I will break down the structure for you and give you an example on how to create a working class in Objective-C.

  • In your XCode project, select File > New File
  • Scroll down to the Cocoa section and add a New Objective-C Class.
  • Change the name of the class to what ever you want, for this example, I will use ExampleClass.
  • Click create.
  • Now, in your project screen you will see two files called ExampleClass.h and ExampleClass.m
  • .h is your interface class. Providing the compiler with a brief overview of what your class has.
  • .m is your implementation class. This is where you will put your init and dealloc method as long as any methods you define in your interface class.
  • Within in your interface class (.h file) you will have the following:
@interface
{

}

@end

  • Anything placed inside the interface tag becomes attributes to the class. You can only put variables in here. Like an NSString, etc....
  • Methods are declared outside the interface brakets just right before the @end. These are just the method stubs without the { }'s

@interface
{
NSString *personName;
NSString *personAddress;
NSString *personPhone;
}
- (NSString *)PersonName;
- (NSString *)PersonAddress;
- (NSString *)PersonPhone;
- (void)setPersonName:(NSString *)value;
- (void)setPersonAddress:(NSString *)value;
- (void)setPersonPhone:(NSString *)value;

@end
  • Now to explain the code above: personName, personAddress, personPhone are only to the class. Nothing outside the class can access them. So to solve this problem and allow outside classes to communicate with these variables, you create Accessor methods.

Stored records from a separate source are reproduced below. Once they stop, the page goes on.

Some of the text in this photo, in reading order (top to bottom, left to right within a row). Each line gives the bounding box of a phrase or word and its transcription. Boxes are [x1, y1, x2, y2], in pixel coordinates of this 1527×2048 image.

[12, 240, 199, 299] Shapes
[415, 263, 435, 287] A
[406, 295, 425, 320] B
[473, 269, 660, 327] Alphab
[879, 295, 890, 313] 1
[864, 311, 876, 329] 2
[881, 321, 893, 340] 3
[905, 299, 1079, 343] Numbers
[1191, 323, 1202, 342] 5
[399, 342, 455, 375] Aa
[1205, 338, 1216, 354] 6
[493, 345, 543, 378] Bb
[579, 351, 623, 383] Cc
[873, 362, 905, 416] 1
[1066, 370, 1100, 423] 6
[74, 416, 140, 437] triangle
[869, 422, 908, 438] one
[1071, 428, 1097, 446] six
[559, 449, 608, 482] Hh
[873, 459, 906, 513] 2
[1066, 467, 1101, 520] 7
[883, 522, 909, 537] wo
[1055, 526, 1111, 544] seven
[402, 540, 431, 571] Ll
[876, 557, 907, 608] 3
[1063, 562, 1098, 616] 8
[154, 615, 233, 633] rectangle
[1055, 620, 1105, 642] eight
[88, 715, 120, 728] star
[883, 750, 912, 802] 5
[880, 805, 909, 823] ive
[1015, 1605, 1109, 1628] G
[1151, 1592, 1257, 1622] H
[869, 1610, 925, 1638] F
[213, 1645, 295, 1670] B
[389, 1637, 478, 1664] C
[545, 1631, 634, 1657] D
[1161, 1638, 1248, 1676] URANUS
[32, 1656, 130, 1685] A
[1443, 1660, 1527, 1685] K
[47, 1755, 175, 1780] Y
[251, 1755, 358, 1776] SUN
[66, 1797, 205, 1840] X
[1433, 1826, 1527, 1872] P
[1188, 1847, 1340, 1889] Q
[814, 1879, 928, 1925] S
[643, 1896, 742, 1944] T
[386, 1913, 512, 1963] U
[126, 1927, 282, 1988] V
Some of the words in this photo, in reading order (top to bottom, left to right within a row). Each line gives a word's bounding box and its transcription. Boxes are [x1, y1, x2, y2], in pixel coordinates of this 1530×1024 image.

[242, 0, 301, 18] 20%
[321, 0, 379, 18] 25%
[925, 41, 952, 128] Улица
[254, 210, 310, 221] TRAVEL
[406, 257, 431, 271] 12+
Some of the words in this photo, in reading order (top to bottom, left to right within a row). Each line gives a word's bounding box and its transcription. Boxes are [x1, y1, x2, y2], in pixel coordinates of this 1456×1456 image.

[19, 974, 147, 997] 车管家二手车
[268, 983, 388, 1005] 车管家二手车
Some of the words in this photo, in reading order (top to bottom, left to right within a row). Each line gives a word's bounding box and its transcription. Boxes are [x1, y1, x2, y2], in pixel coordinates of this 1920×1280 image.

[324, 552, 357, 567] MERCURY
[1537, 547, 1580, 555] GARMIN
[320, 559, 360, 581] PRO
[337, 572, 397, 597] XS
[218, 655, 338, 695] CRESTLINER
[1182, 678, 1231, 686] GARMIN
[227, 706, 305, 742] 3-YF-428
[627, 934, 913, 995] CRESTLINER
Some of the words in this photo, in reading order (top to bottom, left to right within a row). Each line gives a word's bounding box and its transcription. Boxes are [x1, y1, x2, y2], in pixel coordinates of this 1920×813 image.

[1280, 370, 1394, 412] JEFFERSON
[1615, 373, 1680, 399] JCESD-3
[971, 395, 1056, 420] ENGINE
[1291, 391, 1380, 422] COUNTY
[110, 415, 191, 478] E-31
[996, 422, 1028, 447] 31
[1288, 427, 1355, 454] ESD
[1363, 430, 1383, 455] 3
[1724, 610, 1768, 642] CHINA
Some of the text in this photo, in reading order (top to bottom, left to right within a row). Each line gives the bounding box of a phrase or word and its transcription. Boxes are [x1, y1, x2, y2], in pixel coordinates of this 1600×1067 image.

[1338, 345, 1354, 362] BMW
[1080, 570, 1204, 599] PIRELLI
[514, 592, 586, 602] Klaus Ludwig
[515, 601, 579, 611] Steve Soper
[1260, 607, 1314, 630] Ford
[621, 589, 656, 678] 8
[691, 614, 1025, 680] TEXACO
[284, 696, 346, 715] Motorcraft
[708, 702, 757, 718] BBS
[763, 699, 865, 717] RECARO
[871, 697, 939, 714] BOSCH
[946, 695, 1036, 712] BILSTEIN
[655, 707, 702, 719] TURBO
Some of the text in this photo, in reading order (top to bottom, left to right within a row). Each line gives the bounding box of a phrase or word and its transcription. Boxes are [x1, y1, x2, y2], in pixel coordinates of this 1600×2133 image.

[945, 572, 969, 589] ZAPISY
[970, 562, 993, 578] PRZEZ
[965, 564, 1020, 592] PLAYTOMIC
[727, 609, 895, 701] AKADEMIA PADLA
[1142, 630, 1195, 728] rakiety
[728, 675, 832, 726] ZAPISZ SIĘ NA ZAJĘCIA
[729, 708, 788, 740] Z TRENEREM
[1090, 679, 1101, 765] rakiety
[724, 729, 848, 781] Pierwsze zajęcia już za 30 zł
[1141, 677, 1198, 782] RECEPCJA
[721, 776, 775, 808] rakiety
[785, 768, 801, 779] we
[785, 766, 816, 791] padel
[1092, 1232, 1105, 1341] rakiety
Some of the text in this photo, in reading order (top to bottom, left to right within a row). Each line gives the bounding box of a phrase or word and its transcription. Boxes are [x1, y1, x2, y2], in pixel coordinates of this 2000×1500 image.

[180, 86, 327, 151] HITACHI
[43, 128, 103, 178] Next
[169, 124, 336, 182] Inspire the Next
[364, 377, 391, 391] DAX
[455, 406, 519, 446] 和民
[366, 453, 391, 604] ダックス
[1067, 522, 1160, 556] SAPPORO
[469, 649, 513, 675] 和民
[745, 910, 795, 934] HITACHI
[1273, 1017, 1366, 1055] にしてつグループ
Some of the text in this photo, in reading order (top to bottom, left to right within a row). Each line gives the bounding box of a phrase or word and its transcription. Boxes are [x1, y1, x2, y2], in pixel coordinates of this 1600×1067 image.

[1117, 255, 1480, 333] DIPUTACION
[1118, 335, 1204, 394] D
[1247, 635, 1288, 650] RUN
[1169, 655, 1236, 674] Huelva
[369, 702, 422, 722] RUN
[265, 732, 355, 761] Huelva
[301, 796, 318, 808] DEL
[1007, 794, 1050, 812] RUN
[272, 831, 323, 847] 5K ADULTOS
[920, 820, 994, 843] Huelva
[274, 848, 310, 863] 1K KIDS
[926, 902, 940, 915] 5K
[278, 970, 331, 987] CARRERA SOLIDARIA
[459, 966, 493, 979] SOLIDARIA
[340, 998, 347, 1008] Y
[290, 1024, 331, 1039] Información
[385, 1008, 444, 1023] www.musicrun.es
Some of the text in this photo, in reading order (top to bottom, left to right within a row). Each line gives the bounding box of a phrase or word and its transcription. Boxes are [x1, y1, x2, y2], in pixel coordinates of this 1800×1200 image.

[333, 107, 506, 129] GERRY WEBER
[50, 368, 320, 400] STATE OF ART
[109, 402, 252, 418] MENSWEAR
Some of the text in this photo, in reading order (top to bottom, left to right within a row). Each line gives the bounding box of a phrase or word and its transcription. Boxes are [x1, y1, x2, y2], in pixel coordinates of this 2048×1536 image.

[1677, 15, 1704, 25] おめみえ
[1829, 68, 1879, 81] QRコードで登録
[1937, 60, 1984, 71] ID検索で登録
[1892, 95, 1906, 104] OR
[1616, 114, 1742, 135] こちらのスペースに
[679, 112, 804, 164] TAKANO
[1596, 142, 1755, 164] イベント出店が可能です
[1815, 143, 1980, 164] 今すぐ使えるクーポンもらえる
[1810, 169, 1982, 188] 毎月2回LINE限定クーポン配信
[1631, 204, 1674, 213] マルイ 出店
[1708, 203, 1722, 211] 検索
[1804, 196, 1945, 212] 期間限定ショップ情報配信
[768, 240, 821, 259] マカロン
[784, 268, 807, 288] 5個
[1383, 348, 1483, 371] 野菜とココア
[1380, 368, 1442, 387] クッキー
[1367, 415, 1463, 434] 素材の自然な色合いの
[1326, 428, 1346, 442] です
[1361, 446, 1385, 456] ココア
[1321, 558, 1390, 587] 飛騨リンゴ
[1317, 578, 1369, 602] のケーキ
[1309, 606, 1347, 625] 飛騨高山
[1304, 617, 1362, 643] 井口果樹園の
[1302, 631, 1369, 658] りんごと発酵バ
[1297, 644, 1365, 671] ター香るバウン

If you want a variable to be readable and writable from other classes, you need 2 methods, if you want a variable to be readable only, you need 1. Makes sense really.
  • As you can see, I didn't fill out the methods in this file. That is because it is a interface class and it can't do any work. It only tells the compiler what the class looks like.
  • To fill out the methods, you need to put them into the .m file and fill them out there.
  • In the .m file, add in the method stubs you created in the .h file.
  • After you do so, the .m file should look like this.
- (NSString *)PersonName
{
}
- (NSString *)PersonAddress
{
}
- (NSString *)PersonPhone
{
}
- (void)setPersonName:(NSString *)value
{
}
- (void)setPersonAddress:(NSString *)value
{
}
- (void)setPersonPhone:(NSString *)value
{
}
  • Now you need to fill them out. It should look like this when you are finished
- (NSString *)PersonName
{
return personName;
}
- (NSString *)PersonAddress
{
return personAddress;
}
- (NSString *)PersonPhone
{
return personPhone;
}
- (void)setPersonName:(NSString *)value
{
personName = value;
}
- (void)setPersonAddress:(NSString *)value
{
personAddress = value;
}
- (void)setPersonPhone:(NSString *)value
{
personPhone = value;
}
  • Now you need to add in your init and dealloc method. I can't remember what all is in these methods because XCode's CodeSense will plot it down for you if you type init and press return or dealloc and press return.
  • All you have to do is replace the <# Add Code Here #> tag here to have the compiler perform the the code on method when the class is loaded or thrown away.
That's it. All classes are made this way. It was confusing for me since C# classes just had a single file. Hope this helps!